December 13, 2005 Silver Spring, Maryland, United States …. [Mark A. Kellner/ANN Staff]

At a time of year when “peace on Earth” is supposed to be a dominant theme, pundits are proclaiming a “war on Christmas” in many parts of the world.

In North America, retailers — and even the White House — are drawing customer ire for wishing “Holiday Greetings” instead of “Merry Christmas.” In Europe, Pope Benedict XVI told pilgrims on Dec. 11 that, “In a consumer society, Christmas unfortunately suffers a sort of commercial contamination which risks modifying its authentic spirit,” according to media reports.

So what’s a Seventh-day Adventist Christian to do in the midst of two opposing views? Relax and enjoy the season, experts in church leadership, and one prominent lay observer, say, while remembering that religious liberty is for all.

“I think we should just go ahead and enjoy ourselves and be thankful that Jesus came,” said Dr. Roy Adams, an associate editor of the Adventist Review, the church’s official paper. Referring to Ellen White, one of the founding leaders of the church, Adams recalled that she said “especially where there are children, we couldn’t keep them from the excitement of Christmas. We should put Christ at the center.”

And while many Adventists happily participate in Christmas festivities, Dr. John McVay, dean of the Seventh-day Adventist Theological Seminary at Andrews University, said it was important to remember the feelings of other neighbors who don’t celebrate.

“Our neighbors, seeing us as conservative religious types, would see us as pro-Christmas, and it might be somewhat surprising and instructive to use this as an opportunity to create a society where people feel free and welcome in their expressions of religious faith and commitment,” McVay told ANN from his office in Berrien Springs, Michigan. “For some religious people it might mean ‘Merry Christmas;’ for others it might mean saying ‘Happy Hanukkah.'”

McVay also emphasized the importance of the Gospel message during this season.

“Hopefully it also gives us an opportunity to talk about the value of Christ and the Christmas story to the Seventh-day Adventist Church, and how important it is to bring those values of personal faith and community together,” he said.

Joe Wheeler is the author of 14 “Christmas in My Heart” books, each of which has become holiday best-sellers promoted by U.S.-based Christian organizations such as Focus on the Family, as well as a new book outlining the story of St. Nicholas. He’s also a Seventh-day Adventist Christian who told ANN from his Conifer, Colorado, home that 2005 has, for the first time, raised the issue of just what Christmas “is” amidst an onslaught of secularism.

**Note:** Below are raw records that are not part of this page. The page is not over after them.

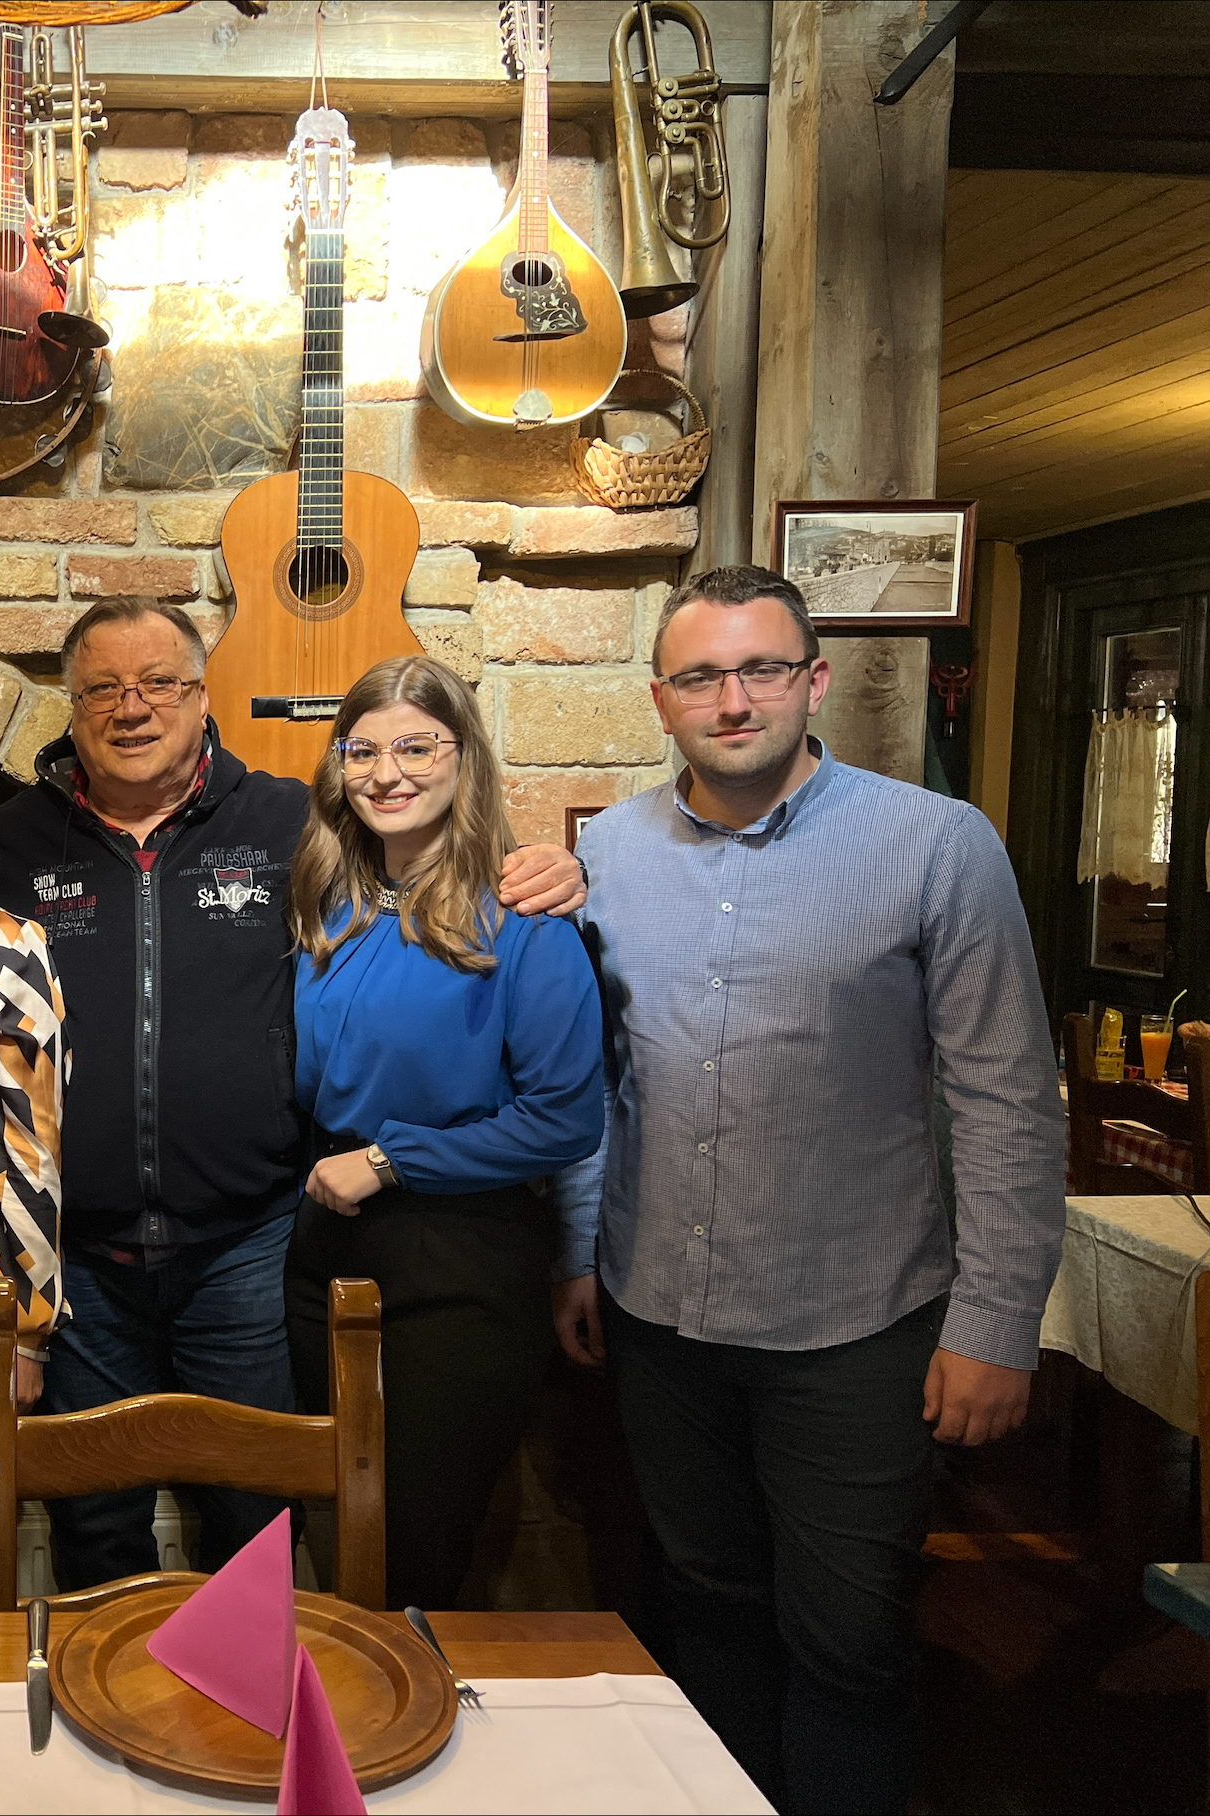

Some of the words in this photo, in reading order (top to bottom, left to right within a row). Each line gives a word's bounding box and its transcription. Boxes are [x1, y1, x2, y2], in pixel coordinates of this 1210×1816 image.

[200, 849, 270, 867] PAUL&SHARK
[33, 873, 56, 890] SNOW
[37, 886, 60, 902] TEAM
[62, 881, 83, 899] CLUB
[77, 895, 97, 908] CLUB
[74, 927, 98, 936] TEAM
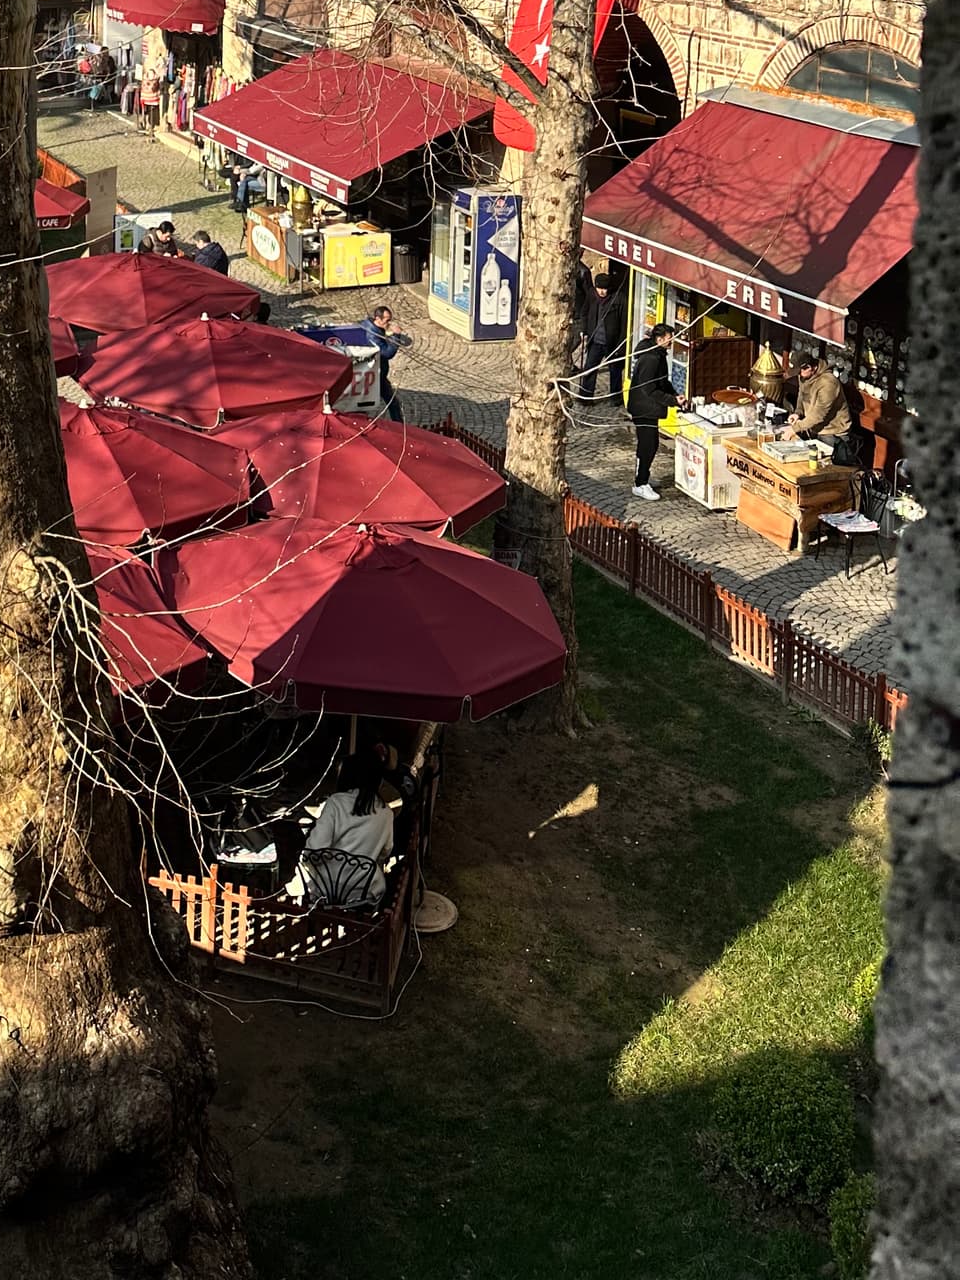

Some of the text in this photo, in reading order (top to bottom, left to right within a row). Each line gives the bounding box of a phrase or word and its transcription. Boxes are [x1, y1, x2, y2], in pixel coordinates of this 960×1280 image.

[42, 218, 59, 227] CAFE
[604, 234, 787, 317] EREL EREL
[726, 455, 749, 475] KASA

“I don’t know why there’s this push [away from ‘Merry Christmas’], unless we are becoming so secularized … that even professed Christians are not practicing our religion the way we ought to be. Some of us don’t like to make waves. It is way past time for all of us to, where we’re convicted that something is not right, to dare to stand up and speak out,” Wheeler said.

“We Christian Adventists need to recognize that when Paul said don’t let the world squeeze you into its own mold, he’s talking about something that transcends time,” Wheeler added. “With the media in our face 24/7, we’re facing it like nothing we’ve seen before. It takes almost a superhuman effort to avoid this.”

Wheeler, whose work has placed him in contact with Christians from a wide spectrum of churches, says Adventists — whose denominational name reflects on the second coming of Jesus — should also contemplate His first Advent.

“We can say that during the Christmas season, however you perceive it to be, at least during the 24 days of the Advent, which we should be serious about, turn off the electronic intrusions into their lives,” Wheeler said. Believers should “read a story to our kids, read a scriptural story, play games, make our gifts instead of buying them, go visit the elderly, and do fun things with our families and rediscover them.”

In many parts of the world, such as Brazil and Australia, Adventists are among those who are sharing of their abundance with those less fortunate. According to Rajmund Dabrowski, communication director of the world church: “If you are at all in doubt about what to do during this season, you can always share with those in need.”